Exercise prompt ▸ Word for word, restate all the records; images are not part of the copy.

Records supplied Start Marker

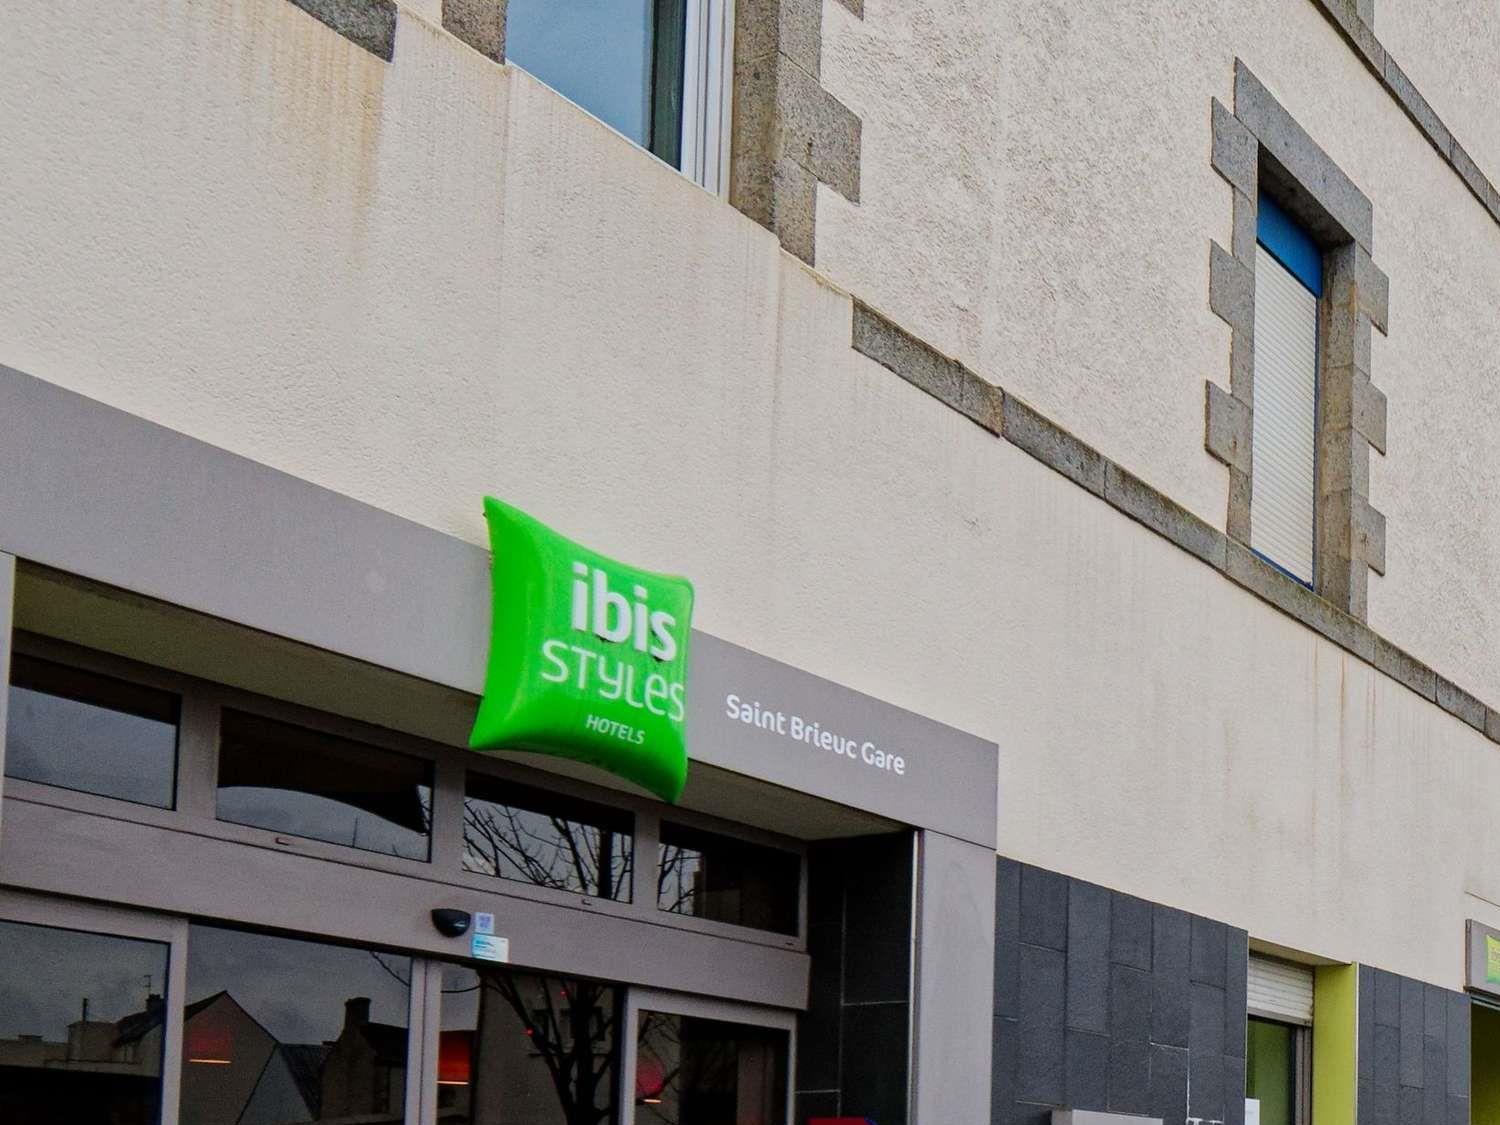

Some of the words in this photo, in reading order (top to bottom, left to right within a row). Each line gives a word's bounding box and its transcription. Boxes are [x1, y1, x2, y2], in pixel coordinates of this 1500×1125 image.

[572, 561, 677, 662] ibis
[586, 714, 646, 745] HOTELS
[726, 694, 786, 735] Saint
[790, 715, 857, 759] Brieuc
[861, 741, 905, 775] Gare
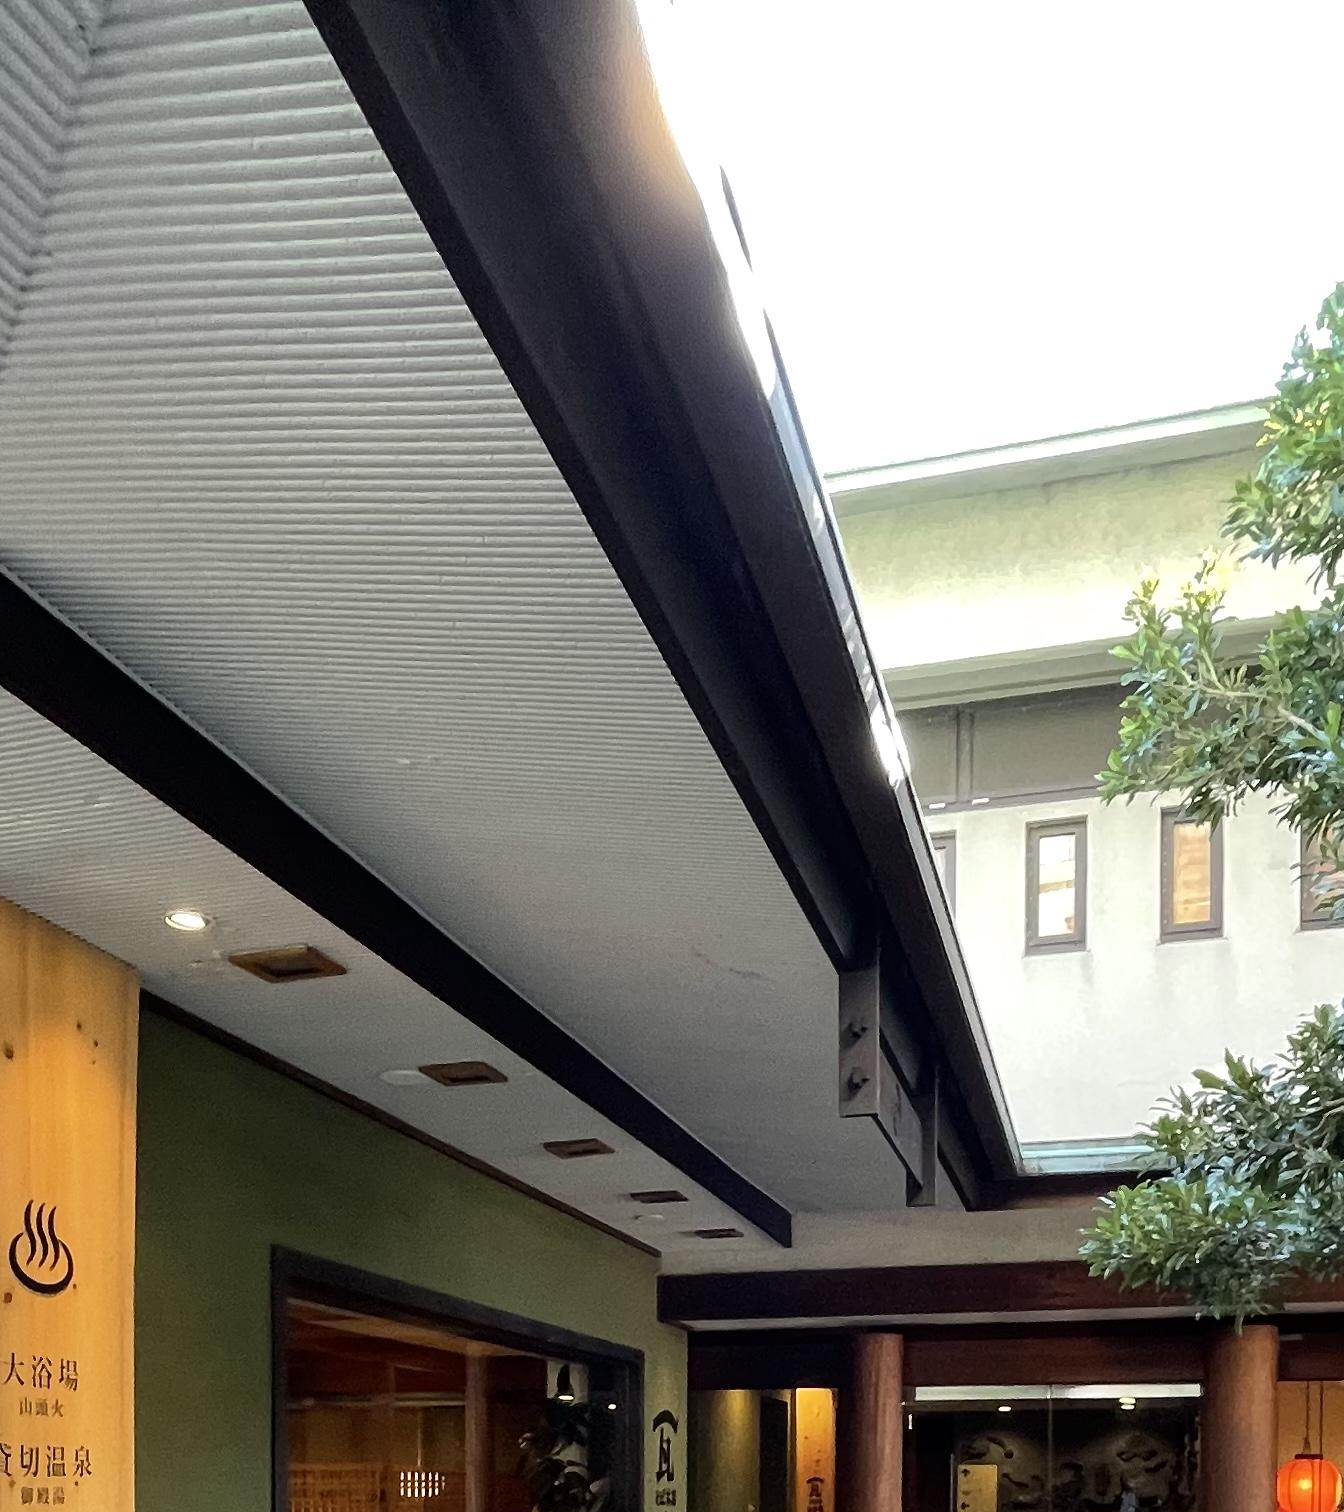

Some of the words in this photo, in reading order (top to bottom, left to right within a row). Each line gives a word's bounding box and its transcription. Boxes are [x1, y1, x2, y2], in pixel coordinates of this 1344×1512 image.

Records supplied End Marker

Solved exercise ▸
Some of the words in this photo, in reading order (top to bottom, left to right within a row). Each line gives a word's bounding box and its transcription. Boxes are [x1, y1, x2, y2], in pixel coordinates of this 1500×1125 image.

[572, 561, 677, 662] ibis
[586, 714, 646, 745] HOTELS
[726, 694, 786, 735] Saint
[790, 715, 857, 759] Brieuc
[861, 741, 905, 775] Gare

Some of the words in this photo, in reading order (top to bottom, left to right within a row). Each line gives a word's bounding box and its transcription. Boxes are [x1, y1, x2, y2], in pixel coordinates of this 1344×1512 image.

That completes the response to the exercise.